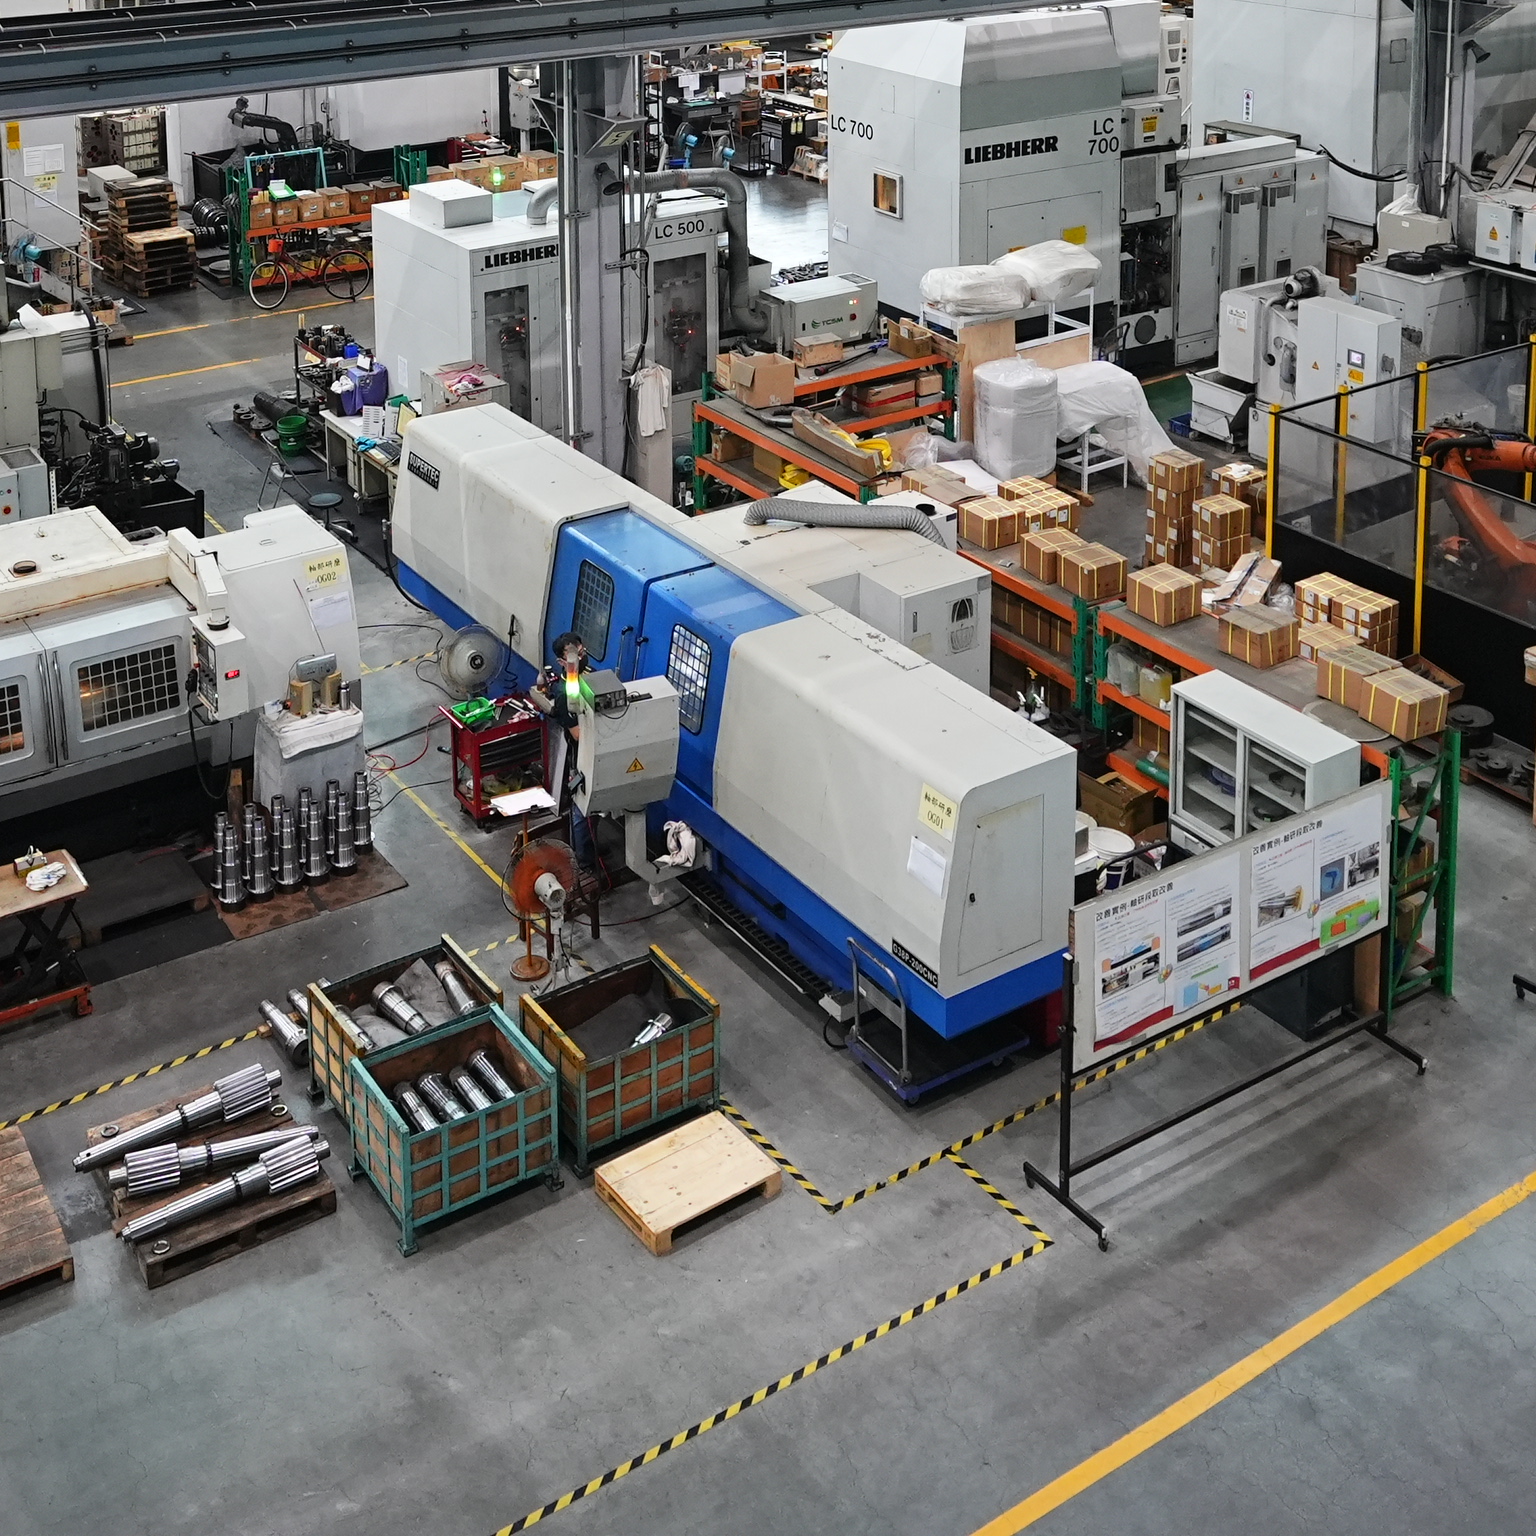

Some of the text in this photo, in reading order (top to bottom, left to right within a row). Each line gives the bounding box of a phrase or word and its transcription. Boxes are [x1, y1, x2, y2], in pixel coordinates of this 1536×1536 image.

[831, 115, 874, 141] LC 700
[1093, 117, 1115, 136] LC
[964, 135, 1059, 165] LIEBHERR
[1088, 137, 1120, 156] 700
[655, 219, 705, 240] LC 500
[484, 243, 559, 270] LIEBHER
[822, 317, 843, 326] TCSM
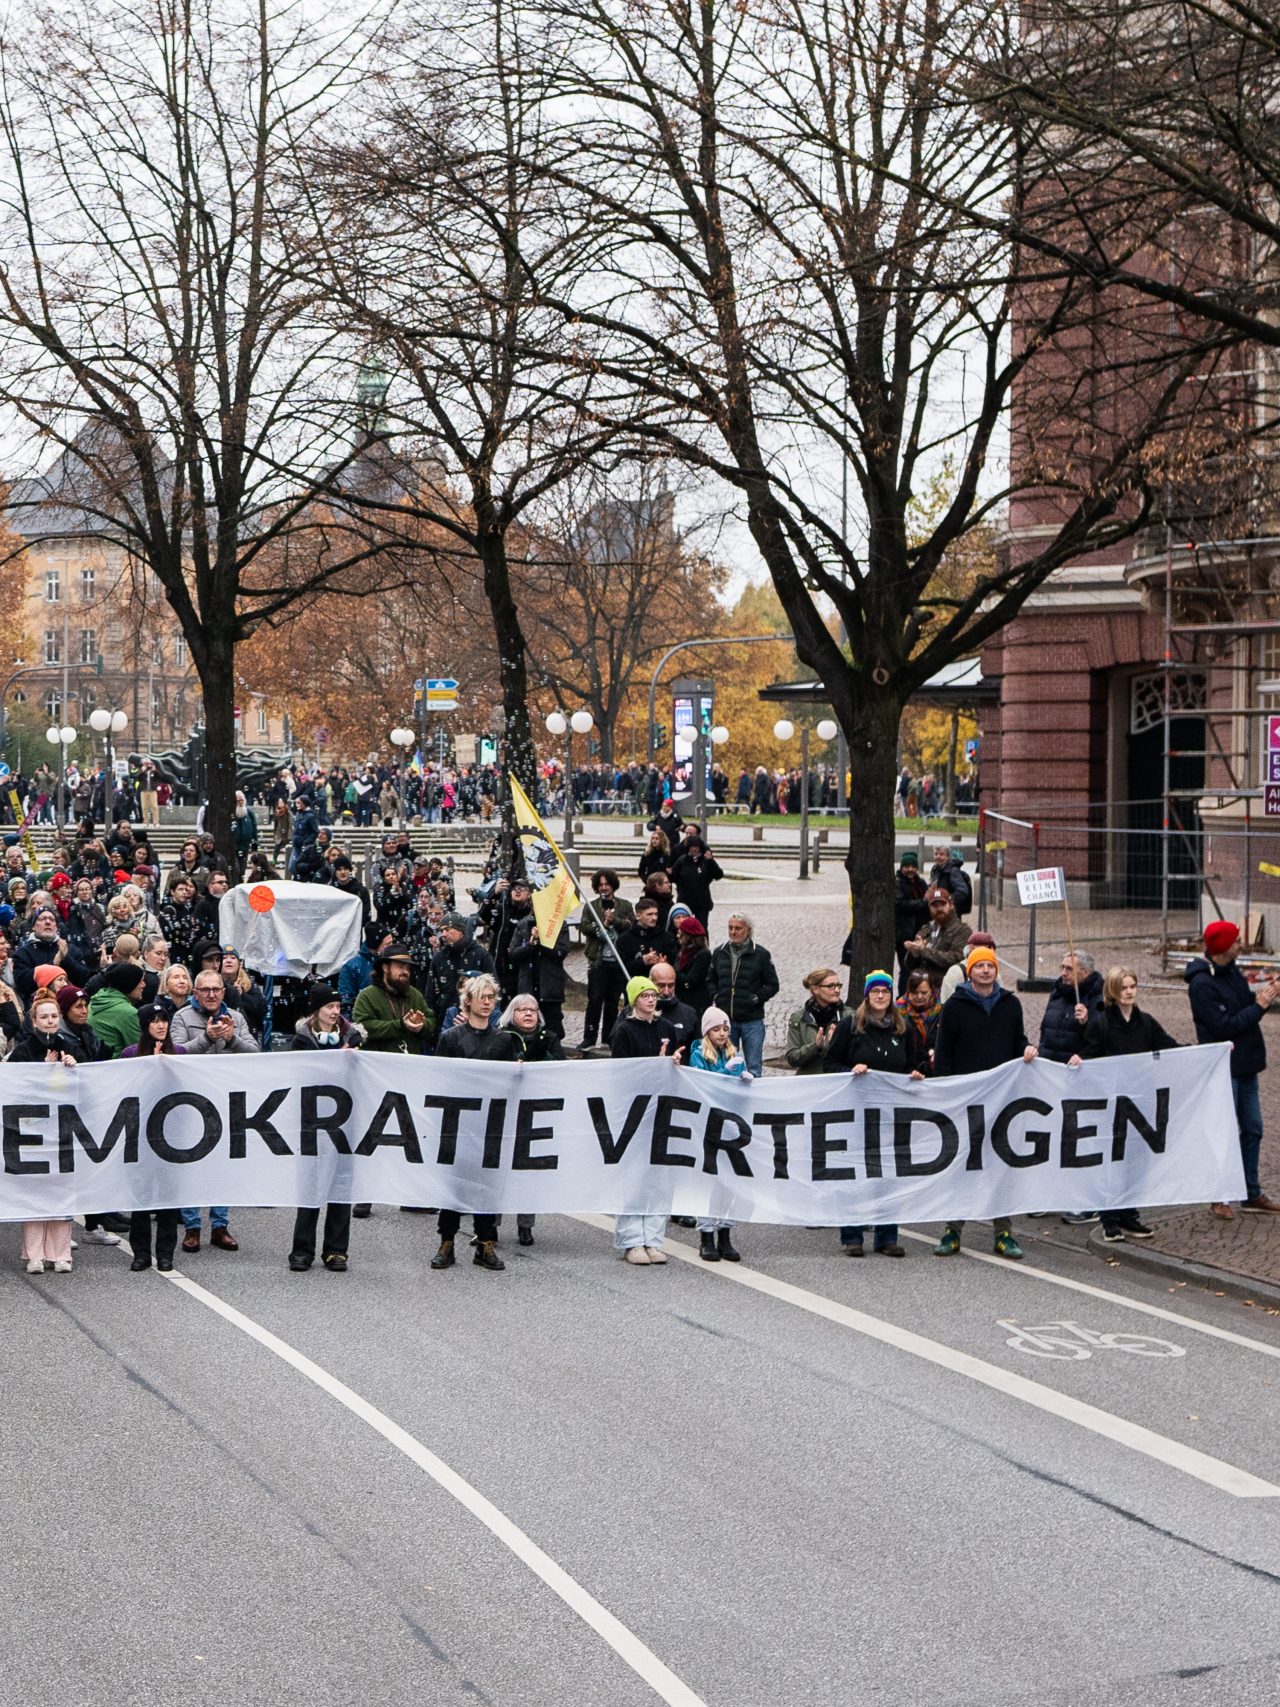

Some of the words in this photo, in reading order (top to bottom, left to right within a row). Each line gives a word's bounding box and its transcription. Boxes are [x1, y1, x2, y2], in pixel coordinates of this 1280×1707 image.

[1025, 881, 1057, 892] KEINE
[1027, 890, 1059, 901] CHANCE
[586, 1087, 1171, 1181] VERTEIDIGEN
————
Nothing but the lines from the one containing "Some of the words" through the last line of the data above should be set down, word for word.

ANSWER BOX —
Some of the words in this photo, in reading order (top to bottom, left to right within a row). Each line gives a word's bounding box and its transcription. Boxes are [x1, y1, x2, y2], in pixel coordinates of this 1280×1707 image.

[1025, 881, 1057, 892] KEINE
[1027, 890, 1059, 901] CHANCE
[586, 1087, 1171, 1181] VERTEIDIGEN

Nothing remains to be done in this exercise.